MCH -- I never really understood the difficulty here. It's definitely got a busy burst window, but even some tanks can say that. Of course if you have poor ping you're SoL--weaving with short GCDs on bad ping is NOT going to happen.
RDM -- The rotation is honestly pretty easy. Your problem here is going to be more a matter of micro management, and preparing your fairly jank mobility ahead of time. You have dualcast, you have a gap closer and extender sure, but with the way modern FF14 likes to make players dance, none of it is really helpful. The OGCD drift can throw people off as well if they don't know how to handle it.
SAM -- You got a busy burst window, and unlike the above classes, you have to worry about positionals. Although positionals for SAM are really on your terms since you have three core rotations you can put in any order. The castbar might catch you off guard. Slide casting makes it easier, even if it's a little weird to be doing that as melee, lol.
DRG -- There are...a lot of buttons here. I think the second hardest thing about DRG is just how many buttons you have to press. Your ergonomics for your hotbars WILL be tested. There are a lot of positionals you need to keep in mind, and a lot of OCGs, as well as a couple secondary resources. The animation lock from jumps can be a pain--or your death, if you're careless.
BLM -- Black Mage is kind of funny because the rotation really isn't all that complicated--you do your dot uptime, you do fire, then ice, rinse, repeat.

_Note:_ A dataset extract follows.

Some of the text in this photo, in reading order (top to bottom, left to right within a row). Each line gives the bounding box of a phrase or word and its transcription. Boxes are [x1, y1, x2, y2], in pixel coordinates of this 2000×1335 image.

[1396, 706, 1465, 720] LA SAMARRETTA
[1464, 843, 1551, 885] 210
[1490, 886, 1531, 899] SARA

The devil's in the details and in the execution, working around long cast times in an AoE heavy expansion like Endwalker has its challenges, and if you tunnel vision your dodging and don't keep after your fire/ice uptime, you will lose your fire/ice state and that can be really problematic for your damage. As others said, you really need to know the fight, as it strongly influences when you want to use leylines, triple cast, etc. Obviously you want to keep your abilities going on cooldown, but BLM has this situation where if you mindlessly put them on CD and then have to move a lot, you wind up wasting it. I don't think it's by any means bad, you have all the tools to tackle your problems, but getting even adequate with Black Mage is a matter of dedication. Same for Dragoon, honestly.